You are trying to temper and mold white chocolate and it is coming out grainy?


----------



## m2k (Jul 31, 2006)

It is indeed...Maybe because I added a splash of Baileys?? But personally I wouldn't have thought that would have an effect. And the chocolate wasn't melted at too high a temperature. 

I did put the pyramids in the fridge for about 15 minutes could this be why? Surely in this short space of time the chocolate shouldn't have started to separate.


----------



## munchers (Apr 4, 2007)

hi there, this is an old recipy of mine and it always works. it sets well and the flavour is grand.

white choc mousse
ingredients;
400g Vanilla Pastry cream (home made)
800g White choc ( melted slowly, to prevent grains in the choc)
2pts Cream - semi-whipped

method
1- Melt the choc and cool slightly, whisk in the pastry cream.
2- Fold in the cream.
3- Pour the mix into your mould and freeze.

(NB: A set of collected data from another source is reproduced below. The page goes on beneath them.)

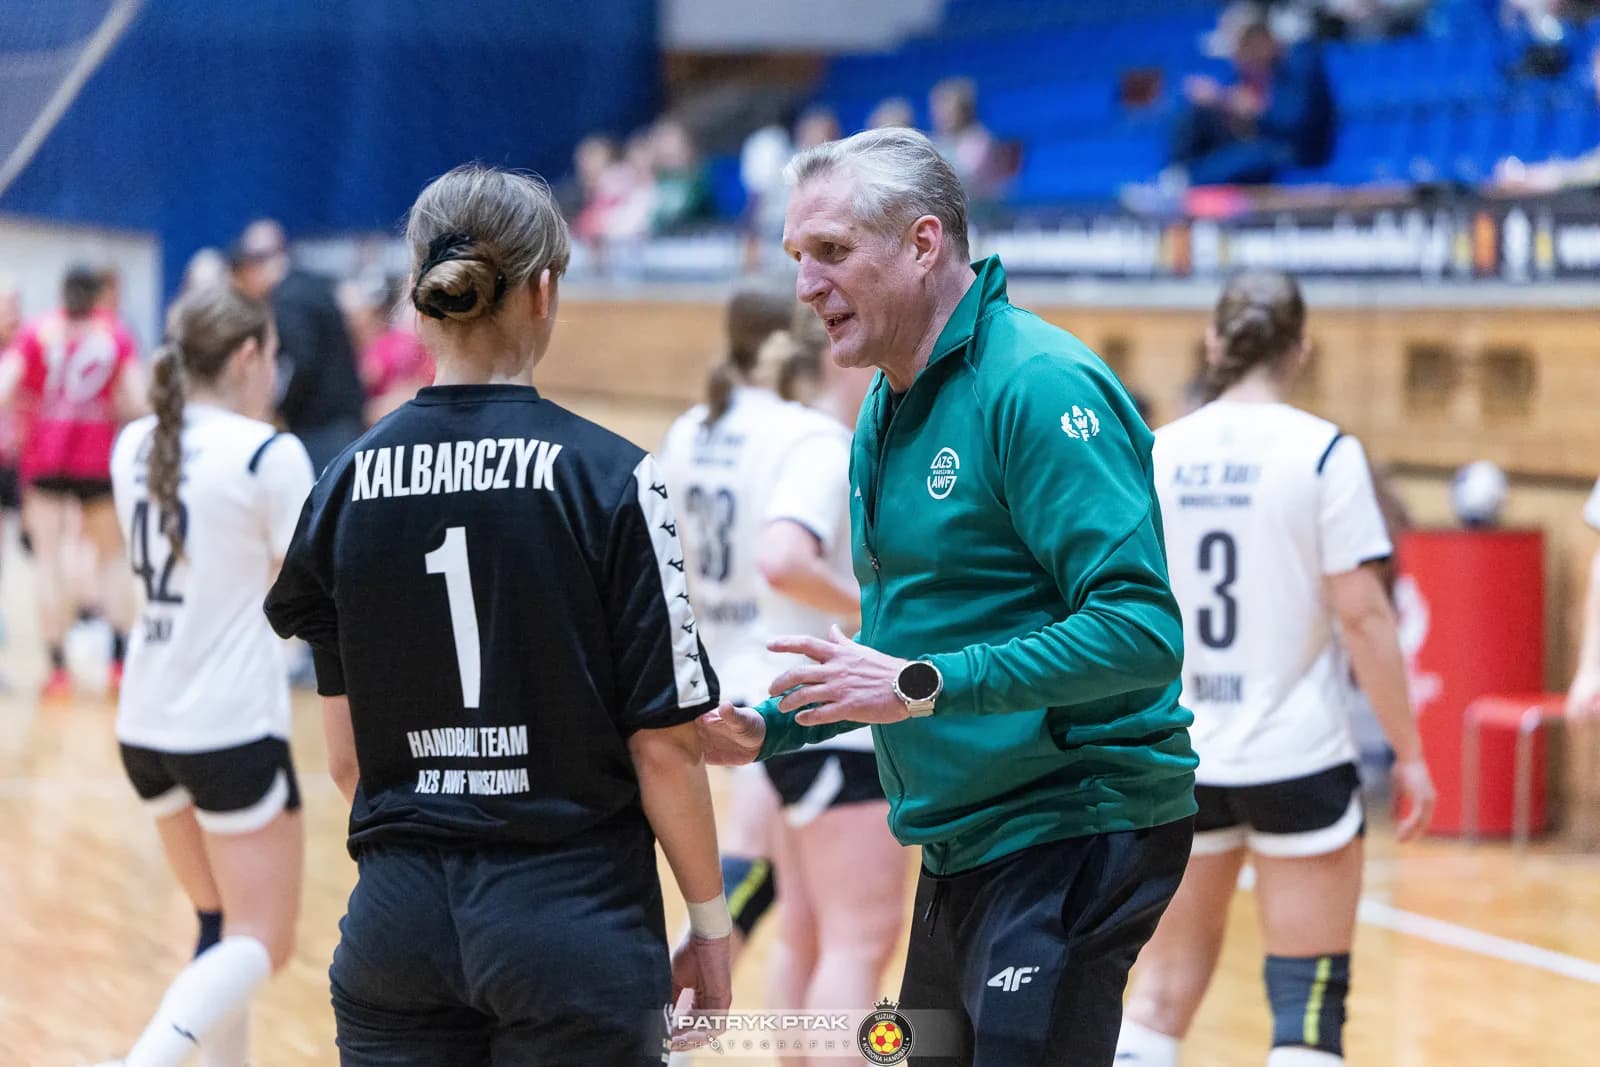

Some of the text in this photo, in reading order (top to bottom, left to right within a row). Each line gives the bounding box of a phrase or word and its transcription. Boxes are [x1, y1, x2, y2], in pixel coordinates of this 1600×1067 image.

[352, 438, 562, 501] KALBARCZYK
[936, 456, 953, 469] AZS
[931, 476, 951, 488] AWF
[131, 501, 188, 603] 42
[1197, 530, 1237, 649] 3
[424, 526, 482, 709] 1
[480, 725, 528, 757] TEAM
[415, 769, 440, 794] AZS
[441, 769, 467, 794] AWF
[987, 966, 1034, 992] 4F

Always easier to demould. And shelf life longer also.

hope thats ok for you. If you hav any probs come back to me and ill give you another recipy, good luck.


----------



## m2k (Jul 31, 2006)

Thanks for the recipe, the one I use for white chocolate mousse is very similar, but I'm wanting to have a white chocolate pyramid but then with a passion fruit parfait inside it. So the it's not white chocolate all the way through.

Sorry if thats really poorly explained, I hope you understand and thanks for the recipe, I will add it to my collection.


----------



## tammylc (Feb 17, 2007)

You shouldn't ever add liquid to chocolate you're trying to temper. It will seize and get grainy or worse, and won't set up properly.

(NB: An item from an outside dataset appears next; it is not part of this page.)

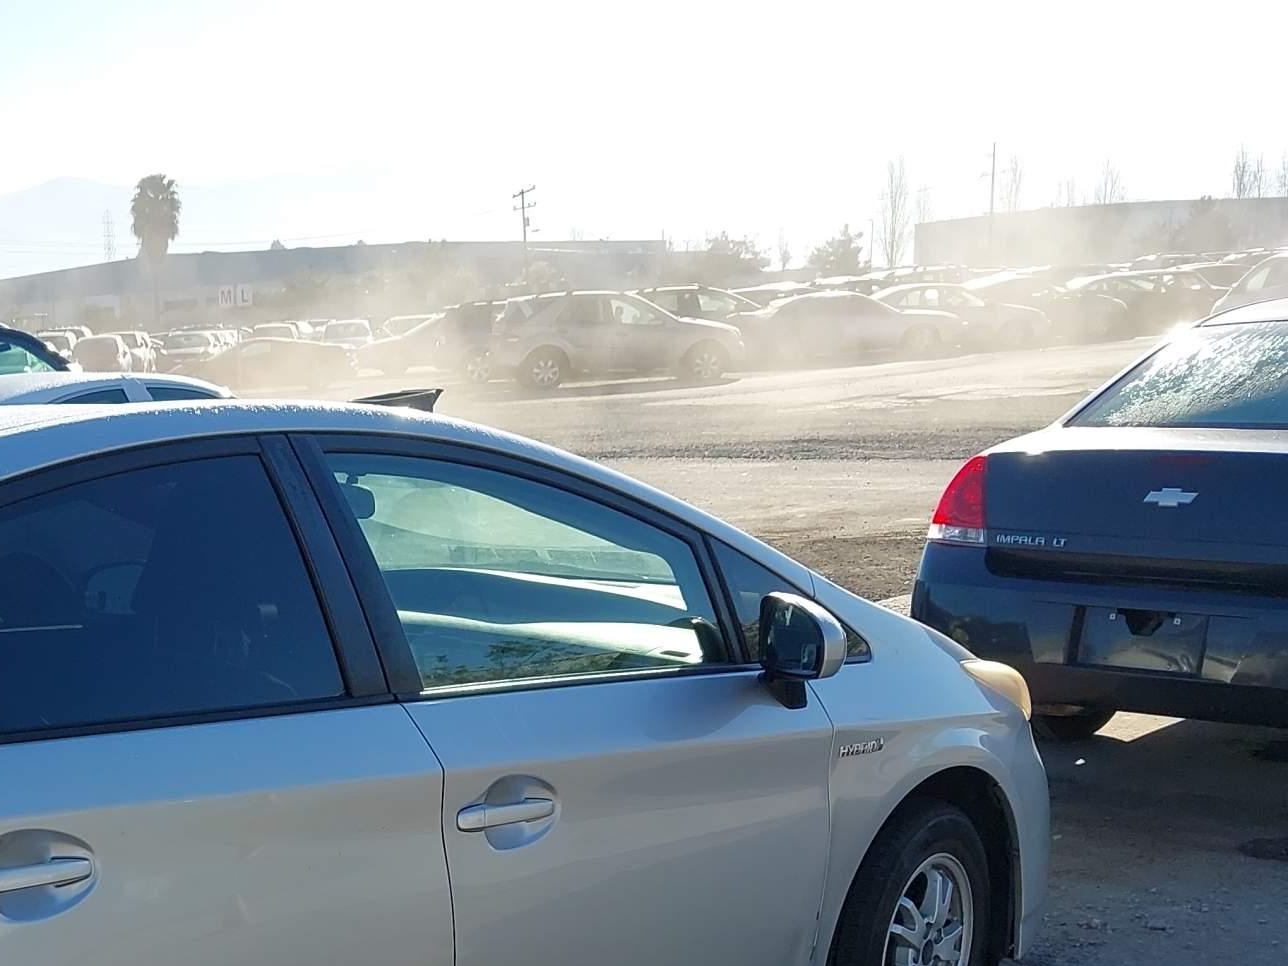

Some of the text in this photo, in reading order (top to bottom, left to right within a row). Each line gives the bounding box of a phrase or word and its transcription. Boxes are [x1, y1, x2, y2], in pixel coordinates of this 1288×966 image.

[220, 288, 249, 305] M L
[996, 533, 1067, 547] IMPALA LT
[839, 737, 884, 758] HYBRID

Can you describe your tempering technique and what kind of molds you're using?


----------



## munchers (Apr 4, 2007)

M2K
let me know how you get on with the dessert. 
An added suggestion ,why dont you make the mousse fist, only fill it half way up and the sides, freeze , then do your parfait and pipe into the center, freeze , and fill up to the top with the remaining mousse and freeze again. 
Try get a photo of it ,im interested.


----------



## m2k (Jul 31, 2006)

Will get a picture for you Munchers next time I try the experiment. 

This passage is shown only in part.